[<prev] [next>] [<thread-prev] [thread-next>] [day] [month] [year] [list]
Message-ID: <1592268299.11061.194.camel@linux.ibm.com>
Date: Mon, 15 Jun 2020 20:44:59 -0400
From: Mimi Zohar <zohar@...ux.ibm.com>
To: Casey Schaufler <casey@...aufler-ca.com>,
Lakshmi Ramasubramanian <nramas@...ux.microsoft.com>,
Stephen Smalley <stephen.smalley.work@...il.com>
Cc: Stephen Smalley <stephen.smalley@...il.com>,
James Morris <jmorris@...ei.org>,
linux-integrity@...r.kernel.org,
LSM List <linux-security-module@...r.kernel.org>,
linux-kernel <linux-kernel@...r.kernel.org>
Subject: Re: [PATCH 4/5] LSM: Define SELinux function to measure security
state
On Mon, 2020-06-15 at 16:18 -0700, Casey Schaufler wrote:
> On 6/15/2020 10:44 AM, Mimi Zohar wrote:
> > (Cc'ing John)
> >
> > On Mon, 2020-06-15 at 10:33 -0700, Casey Schaufler wrote:
> >> On 6/15/2020 9:45 AM, Lakshmi Ramasubramanian wrote:
> >>> On 6/15/20 4:57 AM, Stephen Smalley wrote:
> >>>
> >>> Hi Stephen,
> >>>
> >>> Thanks for reviewing the patches.
> >>>
> >>>>> +void security_state_change(char *lsm_name, void *state, int state_len)
> >>>>> +{
> >>>>> + ima_lsm_state(lsm_name, state, state_len);
> >>>>> +}
> >>>>> +
> >>>> What's the benefit of this trivial function instead of just calling
> >>>> ima_lsm_state() directly?
> >>> One of the feedback Casey Schaufler had given earlier was that calling an IMA function directly from SELinux (or, any of the Security Modules) would be a layering violation.
> >> Hiding the ima_lsm_state() call doesn't address the layering.
> >> The point is that SELinux code being called from IMA (or the
> >> other way around) breaks the subsystem isolation. Unfortunately,
> >> it isn't obvious to me how you would go about what you're doing
> >> without integrating the subsystems.
> > Casey, I'm not sure why you think there is a layering issue here.
>
> I don't think there is, after further review. If the IMA code called
> selinux_dosomething() directly I'd be very concerned, but calling
> security_dosomething() which then calls selinux_dosomething() is fine.

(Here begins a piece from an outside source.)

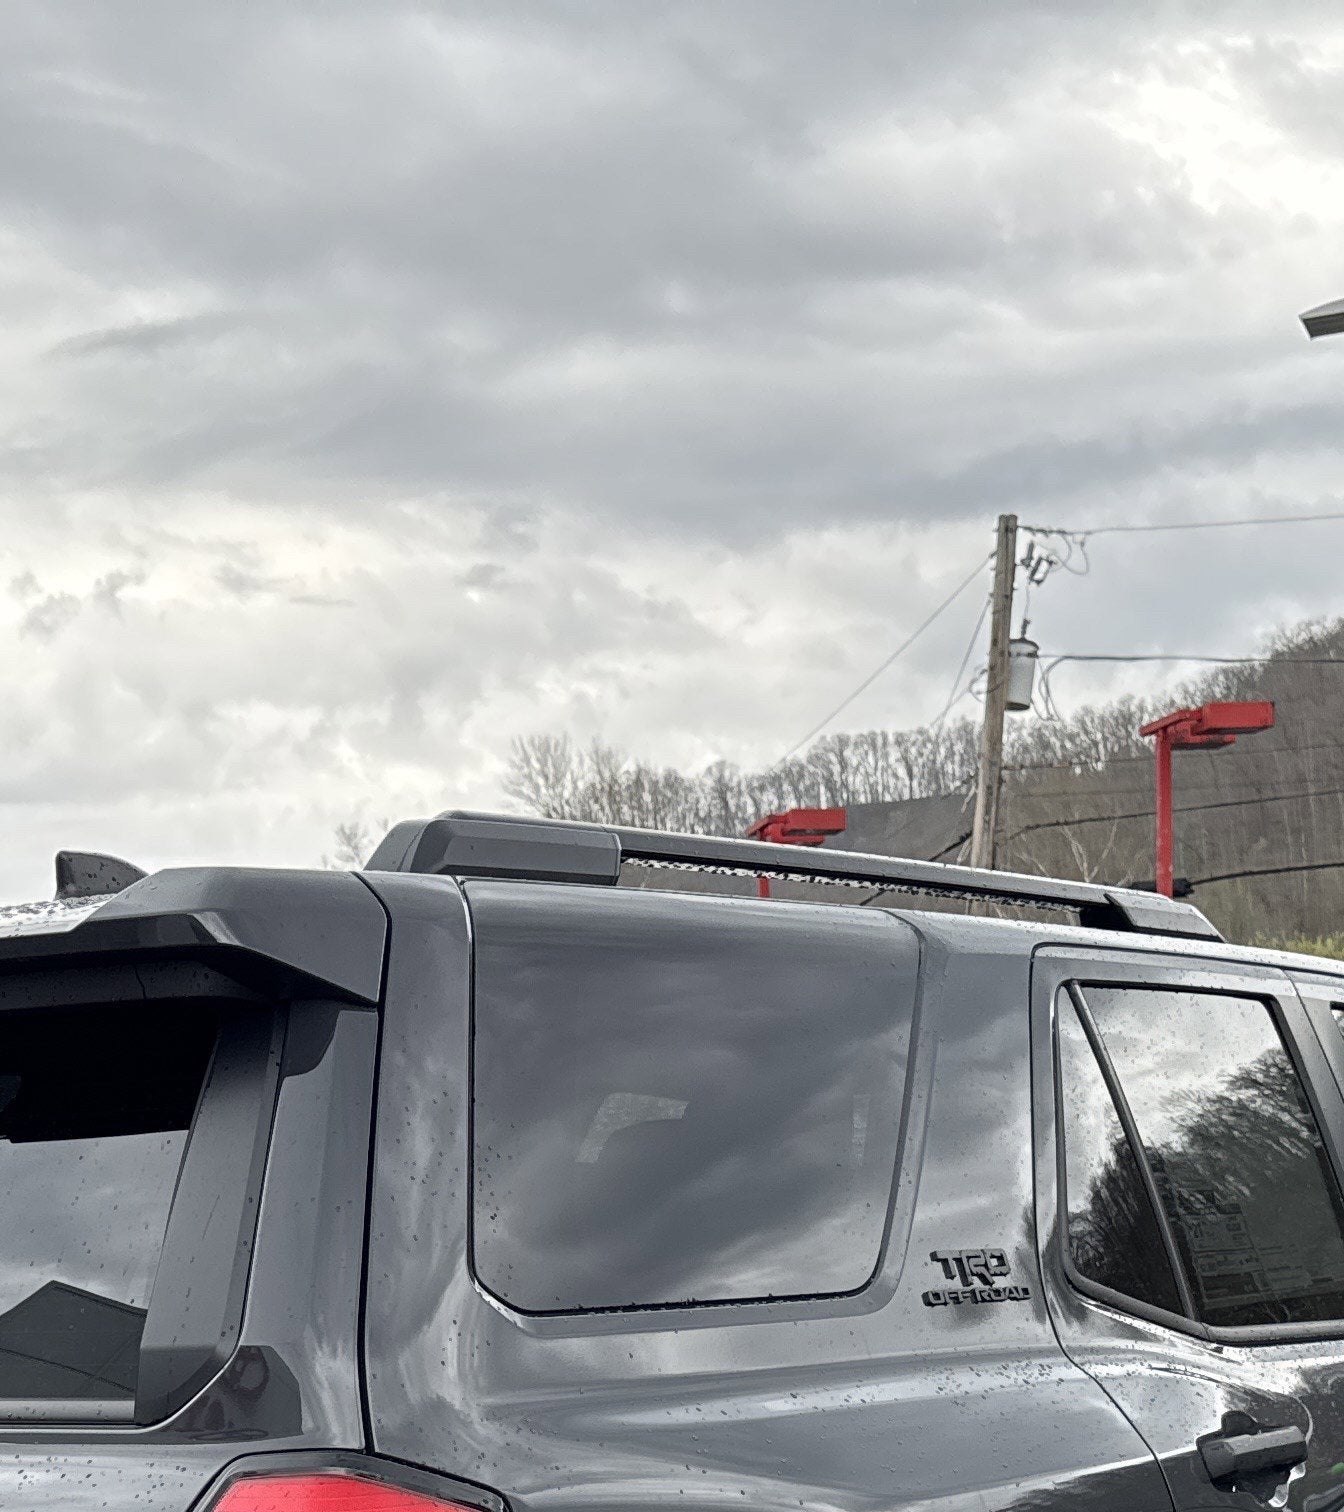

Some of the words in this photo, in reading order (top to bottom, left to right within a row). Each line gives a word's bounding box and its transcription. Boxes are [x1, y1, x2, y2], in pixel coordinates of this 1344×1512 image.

[929, 1248, 1011, 1287] TRD
[921, 1287, 973, 1307] OFF
[973, 1286, 1033, 1304] ROAD
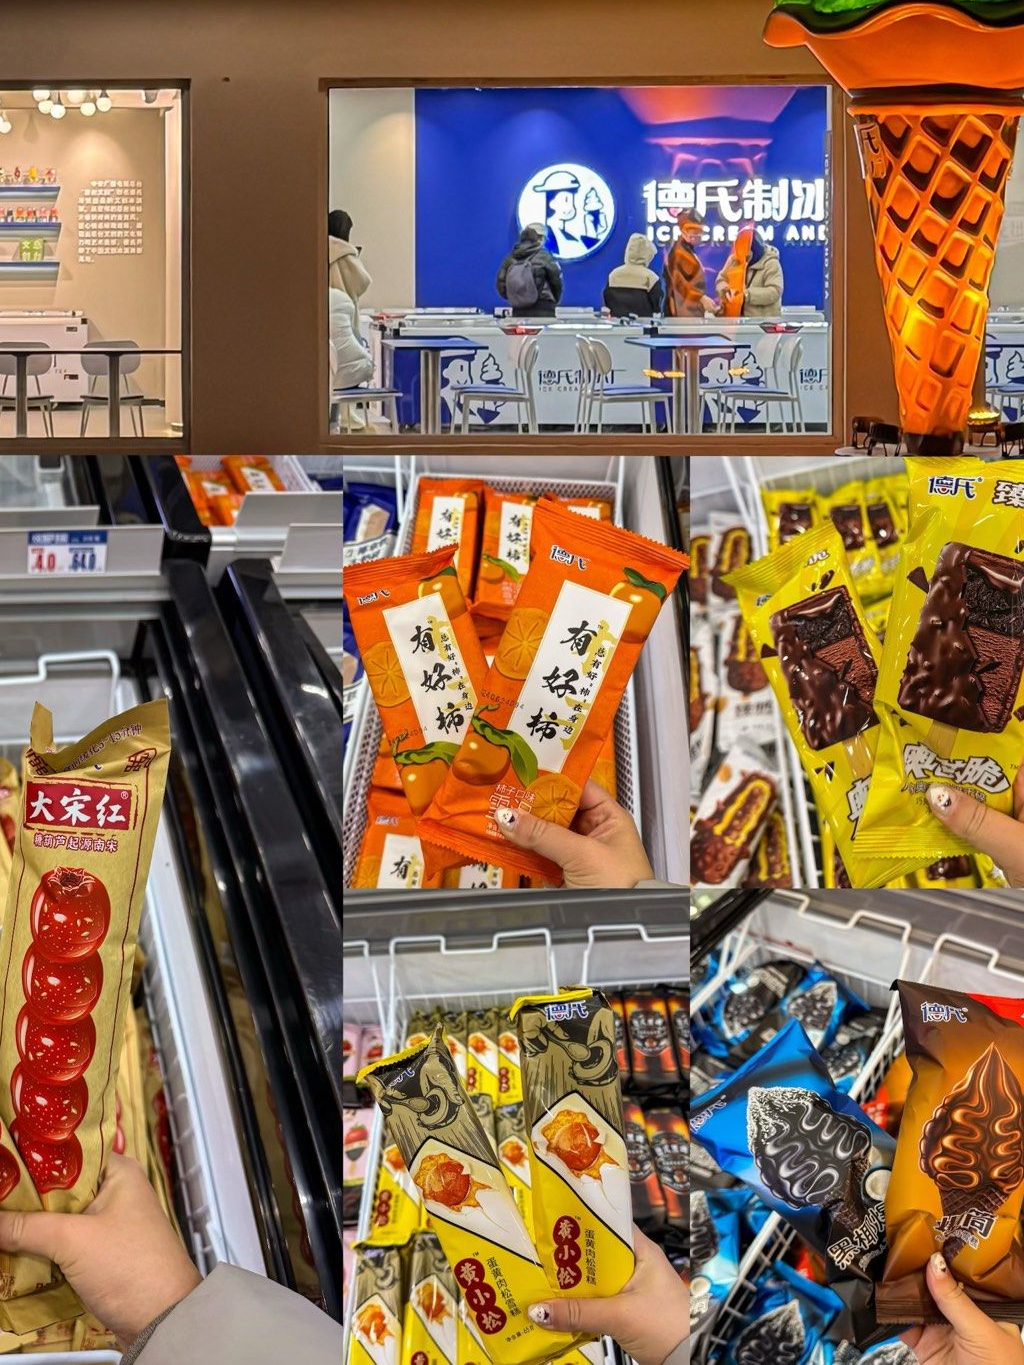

> If YAMA called security_dosomething() I'd be very concerned, but that's
> not what's happening here.
As long as the call to IMA is not an LSM hook, there shouldn't be a
problem with an LSM calling IMA directly. A perfect example is
measuring, appraising and/or auditing LSM policies.
Mimi
>
> > There were multiple iterations of IMA before it was upstreamed. One
> > iteration had separate integrity hooks(LIM). Only when the IMA calls
> > and the security hooks are co-located, are they combined, as requested
> > by Linus.
> >
> > There was some AppArmour discussion about calling IMA directly, but I
> > haven't heard about it in a while or seen the patch.